Collected data

╭──

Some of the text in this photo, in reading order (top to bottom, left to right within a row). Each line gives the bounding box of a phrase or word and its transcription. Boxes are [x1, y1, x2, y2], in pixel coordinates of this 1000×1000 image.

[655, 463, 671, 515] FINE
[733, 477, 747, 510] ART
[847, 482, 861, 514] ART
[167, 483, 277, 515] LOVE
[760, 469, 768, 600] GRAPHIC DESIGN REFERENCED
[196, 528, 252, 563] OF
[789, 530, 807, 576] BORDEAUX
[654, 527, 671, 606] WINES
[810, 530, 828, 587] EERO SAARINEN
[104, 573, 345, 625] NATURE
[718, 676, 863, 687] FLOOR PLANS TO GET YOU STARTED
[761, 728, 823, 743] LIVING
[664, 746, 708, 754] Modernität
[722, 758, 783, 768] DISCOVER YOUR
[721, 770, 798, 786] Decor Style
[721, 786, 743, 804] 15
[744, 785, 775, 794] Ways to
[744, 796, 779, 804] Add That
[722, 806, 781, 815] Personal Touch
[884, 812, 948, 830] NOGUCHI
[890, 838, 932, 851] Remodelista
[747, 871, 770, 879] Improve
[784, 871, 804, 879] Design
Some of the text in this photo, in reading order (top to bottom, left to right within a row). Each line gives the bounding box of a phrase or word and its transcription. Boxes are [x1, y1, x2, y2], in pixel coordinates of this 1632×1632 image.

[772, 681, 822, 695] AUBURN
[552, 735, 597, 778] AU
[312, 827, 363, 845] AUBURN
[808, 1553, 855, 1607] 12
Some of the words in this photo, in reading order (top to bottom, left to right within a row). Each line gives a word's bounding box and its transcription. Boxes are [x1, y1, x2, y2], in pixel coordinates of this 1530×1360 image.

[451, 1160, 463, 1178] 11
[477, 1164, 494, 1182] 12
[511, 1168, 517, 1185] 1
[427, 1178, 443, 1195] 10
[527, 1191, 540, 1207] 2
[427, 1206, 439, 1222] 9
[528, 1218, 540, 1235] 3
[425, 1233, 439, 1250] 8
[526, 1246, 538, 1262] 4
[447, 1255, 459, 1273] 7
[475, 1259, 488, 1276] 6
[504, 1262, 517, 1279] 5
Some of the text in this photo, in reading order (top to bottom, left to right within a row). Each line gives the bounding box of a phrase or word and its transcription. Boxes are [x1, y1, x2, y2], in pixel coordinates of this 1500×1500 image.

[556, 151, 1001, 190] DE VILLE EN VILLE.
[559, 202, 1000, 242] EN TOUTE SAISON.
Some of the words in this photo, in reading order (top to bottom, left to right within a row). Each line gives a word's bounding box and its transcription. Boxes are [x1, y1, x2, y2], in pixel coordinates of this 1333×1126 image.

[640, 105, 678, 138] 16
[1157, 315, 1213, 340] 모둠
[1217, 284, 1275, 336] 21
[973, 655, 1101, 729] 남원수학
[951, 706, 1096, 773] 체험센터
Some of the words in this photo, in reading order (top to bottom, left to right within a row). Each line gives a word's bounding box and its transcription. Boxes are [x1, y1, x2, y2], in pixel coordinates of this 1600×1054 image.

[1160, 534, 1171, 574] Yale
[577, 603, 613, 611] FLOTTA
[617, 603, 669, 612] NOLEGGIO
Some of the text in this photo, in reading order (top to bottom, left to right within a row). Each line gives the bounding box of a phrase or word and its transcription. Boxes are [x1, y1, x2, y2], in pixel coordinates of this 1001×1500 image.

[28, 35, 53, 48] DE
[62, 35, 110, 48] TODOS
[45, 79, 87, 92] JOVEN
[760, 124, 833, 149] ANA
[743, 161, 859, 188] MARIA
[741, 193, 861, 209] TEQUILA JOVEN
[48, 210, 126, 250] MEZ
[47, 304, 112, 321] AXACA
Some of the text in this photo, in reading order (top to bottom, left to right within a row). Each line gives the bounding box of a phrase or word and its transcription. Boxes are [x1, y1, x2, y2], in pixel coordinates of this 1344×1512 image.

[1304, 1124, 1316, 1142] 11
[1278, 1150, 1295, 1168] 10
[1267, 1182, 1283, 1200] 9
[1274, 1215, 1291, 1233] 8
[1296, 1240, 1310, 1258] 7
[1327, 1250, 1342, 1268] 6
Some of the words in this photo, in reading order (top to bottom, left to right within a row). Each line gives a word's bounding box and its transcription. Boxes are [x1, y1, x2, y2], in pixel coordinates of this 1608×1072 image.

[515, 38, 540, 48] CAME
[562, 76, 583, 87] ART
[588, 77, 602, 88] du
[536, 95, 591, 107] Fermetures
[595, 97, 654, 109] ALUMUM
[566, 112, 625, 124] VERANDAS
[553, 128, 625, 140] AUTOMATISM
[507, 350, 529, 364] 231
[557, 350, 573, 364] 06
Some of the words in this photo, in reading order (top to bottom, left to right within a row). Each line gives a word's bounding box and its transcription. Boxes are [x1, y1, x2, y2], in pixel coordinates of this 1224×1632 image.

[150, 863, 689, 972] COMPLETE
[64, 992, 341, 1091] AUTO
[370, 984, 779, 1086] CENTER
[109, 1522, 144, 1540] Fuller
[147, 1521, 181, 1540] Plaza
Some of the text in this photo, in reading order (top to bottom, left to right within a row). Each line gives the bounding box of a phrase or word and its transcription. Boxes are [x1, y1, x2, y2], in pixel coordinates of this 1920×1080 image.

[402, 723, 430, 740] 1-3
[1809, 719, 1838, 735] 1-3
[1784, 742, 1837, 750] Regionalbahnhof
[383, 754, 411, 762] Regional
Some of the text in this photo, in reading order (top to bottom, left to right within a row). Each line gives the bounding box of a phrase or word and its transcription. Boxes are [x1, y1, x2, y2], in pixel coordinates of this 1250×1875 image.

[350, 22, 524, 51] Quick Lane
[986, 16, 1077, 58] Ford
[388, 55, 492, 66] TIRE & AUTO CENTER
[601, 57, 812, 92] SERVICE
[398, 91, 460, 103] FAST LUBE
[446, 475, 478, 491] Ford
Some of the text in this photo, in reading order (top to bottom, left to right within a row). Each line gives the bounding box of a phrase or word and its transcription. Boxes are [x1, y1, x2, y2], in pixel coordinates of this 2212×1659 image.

╰──

A verbatim transcription of all the entries above is required.

Some of the text in this photo, in reading order (top to bottom, left to right within a row). Each line gives the bounding box of a phrase or word and its transcription. Boxes are [x1, y1, x2, y2], in pixel coordinates of this 1000×1000 image.

[655, 463, 671, 515] FINE
[733, 477, 747, 510] ART
[847, 482, 861, 514] ART
[167, 483, 277, 515] LOVE
[760, 469, 768, 600] GRAPHIC DESIGN REFERENCED
[196, 528, 252, 563] OF
[789, 530, 807, 576] BORDEAUX
[654, 527, 671, 606] WINES
[810, 530, 828, 587] EERO SAARINEN
[104, 573, 345, 625] NATURE
[718, 676, 863, 687] FLOOR PLANS TO GET YOU STARTED
[761, 728, 823, 743] LIVING
[664, 746, 708, 754] Modernität
[722, 758, 783, 768] DISCOVER YOUR
[721, 770, 798, 786] Decor Style
[721, 786, 743, 804] 15
[744, 785, 775, 794] Ways to
[744, 796, 779, 804] Add That
[722, 806, 781, 815] Personal Touch
[884, 812, 948, 830] NOGUCHI
[890, 838, 932, 851] Remodelista
[747, 871, 770, 879] Improve
[784, 871, 804, 879] Design
Some of the text in this photo, in reading order (top to bottom, left to right within a row). Each line gives the bounding box of a phrase or word and its transcription. Boxes are [x1, y1, x2, y2], in pixel coordinates of this 1632×1632 image.

[772, 681, 822, 695] AUBURN
[552, 735, 597, 778] AU
[312, 827, 363, 845] AUBURN
[808, 1553, 855, 1607] 12
Some of the words in this photo, in reading order (top to bottom, left to right within a row). Each line gives a word's bounding box and its transcription. Boxes are [x1, y1, x2, y2], in pixel coordinates of this 1530×1360 image.

[451, 1160, 463, 1178] 11
[477, 1164, 494, 1182] 12
[511, 1168, 517, 1185] 1
[427, 1178, 443, 1195] 10
[527, 1191, 540, 1207] 2
[427, 1206, 439, 1222] 9
[528, 1218, 540, 1235] 3
[425, 1233, 439, 1250] 8
[526, 1246, 538, 1262] 4
[447, 1255, 459, 1273] 7
[475, 1259, 488, 1276] 6
[504, 1262, 517, 1279] 5
Some of the text in this photo, in reading order (top to bottom, left to right within a row). Each line gives the bounding box of a phrase or word and its transcription. Boxes are [x1, y1, x2, y2], in pixel coordinates of this 1500×1500 image.

[556, 151, 1001, 190] DE VILLE EN VILLE.
[559, 202, 1000, 242] EN TOUTE SAISON.
Some of the words in this photo, in reading order (top to bottom, left to right within a row). Each line gives a word's bounding box and its transcription. Boxes are [x1, y1, x2, y2], in pixel coordinates of this 1333×1126 image.

[640, 105, 678, 138] 16
[1157, 315, 1213, 340] 모둠
[1217, 284, 1275, 336] 21
[973, 655, 1101, 729] 남원수학
[951, 706, 1096, 773] 체험센터
Some of the words in this photo, in reading order (top to bottom, left to right within a row). Each line gives a word's bounding box and its transcription. Boxes are [x1, y1, x2, y2], in pixel coordinates of this 1600×1054 image.

[1160, 534, 1171, 574] Yale
[577, 603, 613, 611] FLOTTA
[617, 603, 669, 612] NOLEGGIO
Some of the text in this photo, in reading order (top to bottom, left to right within a row). Each line gives the bounding box of a phrase or word and its transcription. Boxes are [x1, y1, x2, y2], in pixel coordinates of this 1001×1500 image.

[28, 35, 53, 48] DE
[62, 35, 110, 48] TODOS
[45, 79, 87, 92] JOVEN
[760, 124, 833, 149] ANA
[743, 161, 859, 188] MARIA
[741, 193, 861, 209] TEQUILA JOVEN
[48, 210, 126, 250] MEZ
[47, 304, 112, 321] AXACA
Some of the text in this photo, in reading order (top to bottom, left to right within a row). Each line gives the bounding box of a phrase or word and its transcription. Boxes are [x1, y1, x2, y2], in pixel coordinates of this 1344×1512 image.

[1304, 1124, 1316, 1142] 11
[1278, 1150, 1295, 1168] 10
[1267, 1182, 1283, 1200] 9
[1274, 1215, 1291, 1233] 8
[1296, 1240, 1310, 1258] 7
[1327, 1250, 1342, 1268] 6
Some of the words in this photo, in reading order (top to bottom, left to right within a row). Each line gives a word's bounding box and its transcription. Boxes are [x1, y1, x2, y2], in pixel coordinates of this 1608×1072 image.

[515, 38, 540, 48] CAME
[562, 76, 583, 87] ART
[588, 77, 602, 88] du
[536, 95, 591, 107] Fermetures
[595, 97, 654, 109] ALUMUM
[566, 112, 625, 124] VERANDAS
[553, 128, 625, 140] AUTOMATISM
[507, 350, 529, 364] 231
[557, 350, 573, 364] 06
Some of the words in this photo, in reading order (top to bottom, left to right within a row). Each line gives a word's bounding box and its transcription. Boxes are [x1, y1, x2, y2], in pixel coordinates of this 1224×1632 image.

[150, 863, 689, 972] COMPLETE
[64, 992, 341, 1091] AUTO
[370, 984, 779, 1086] CENTER
[109, 1522, 144, 1540] Fuller
[147, 1521, 181, 1540] Plaza
Some of the text in this photo, in reading order (top to bottom, left to right within a row). Each line gives the bounding box of a phrase or word and its transcription. Boxes are [x1, y1, x2, y2], in pixel coordinates of this 1920×1080 image.

[402, 723, 430, 740] 1-3
[1809, 719, 1838, 735] 1-3
[1784, 742, 1837, 750] Regionalbahnhof
[383, 754, 411, 762] Regional
Some of the text in this photo, in reading order (top to bottom, left to right within a row). Each line gives the bounding box of a phrase or word and its transcription. Boxes are [x1, y1, x2, y2], in pixel coordinates of this 1250×1875 image.

[350, 22, 524, 51] Quick Lane
[986, 16, 1077, 58] Ford
[388, 55, 492, 66] TIRE & AUTO CENTER
[601, 57, 812, 92] SERVICE
[398, 91, 460, 103] FAST LUBE
[446, 475, 478, 491] Ford
Some of the text in this photo, in reading order (top to bottom, left to right within a row). Each line gives the bounding box of a phrase or word and its transcription. Boxes are [x1, y1, x2, y2], in pixel coordinates of this 2212×1659 image.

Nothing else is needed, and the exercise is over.